Have you explored treatments like ECT or Ketamine infusion? In particular, Ketamine infusion may be something that you would greatly benefit from. It seems to be particularly effective for people who are in your situation and have treatment resistant mental health issues and a great deal of hopelessness. If you are suffering through this alone, aside from your mental health team, I would suggest that you at least make some of your personal connections aware of the situation. If you have a solid plan, you may need help in restricting your access to the most likely means and in developing a safety plan. You don’t have to want to live right now, you just have to help yourself stay alive in order to give yourself the chance to feel better.
I’m glad you’re alive and I’m glad that you’re listening to this podcast. The fact that you have been doing so much to address this situation. Fighting to find a therapist and a new psychiatrist, writing into the podcast etc. tells me that you have some fight in you and at least a part of you wants to continue living and get back to a place that you are more comfortable with.

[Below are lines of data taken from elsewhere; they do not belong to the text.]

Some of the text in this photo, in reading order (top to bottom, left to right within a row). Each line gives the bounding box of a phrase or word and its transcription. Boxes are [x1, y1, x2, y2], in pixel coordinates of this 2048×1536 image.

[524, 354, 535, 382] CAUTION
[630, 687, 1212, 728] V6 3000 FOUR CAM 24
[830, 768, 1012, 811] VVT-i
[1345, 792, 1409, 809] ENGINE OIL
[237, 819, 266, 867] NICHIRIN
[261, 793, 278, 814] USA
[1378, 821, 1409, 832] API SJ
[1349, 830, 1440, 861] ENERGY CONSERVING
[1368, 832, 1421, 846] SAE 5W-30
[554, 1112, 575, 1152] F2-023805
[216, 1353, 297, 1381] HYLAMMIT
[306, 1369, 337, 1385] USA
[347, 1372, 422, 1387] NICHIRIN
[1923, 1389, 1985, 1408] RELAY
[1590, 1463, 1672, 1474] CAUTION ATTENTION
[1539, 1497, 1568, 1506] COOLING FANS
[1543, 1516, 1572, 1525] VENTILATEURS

I believe that you can do it. You absolutely have the capacity to. You are allowed to feel shitty and hopeless and frustrated that all of this has happened AND you are allowed to keep living.
Don’t forget to do the other things that recharge you and nourish your soul. Focusing so much on treatment and the problem at hand can sometimes cause the things that are actually good to fall out of focus. Make an active point to do more of the things that have characteristically brought you joy and comfort. I won’t to try to challenge you and convince you to see things a different way. I am sure that there are people out there, myself and the listeners included, that want you to live. But you may not be in a place to recognize that right now. Just focus on what’s right in front of you. Keep going through the motions with treatment, explore bigger interventions and alternatives like I mentioned, don’t go through this alone, and do what needs to be done to preserve your body and give yourself a chance to live a life that you are more satisfied with.
I have a few resources that you may want to look at if you haven’t yet. At duffthepsych.com/emergency, I have a list of emergency resources. I also did an episode of the podcast all about different intensive treatments for treatment resistant depression, which goes into more detail. That’s at: duffthepsych.com/episode107/
Good luck. I hope we hear from you again.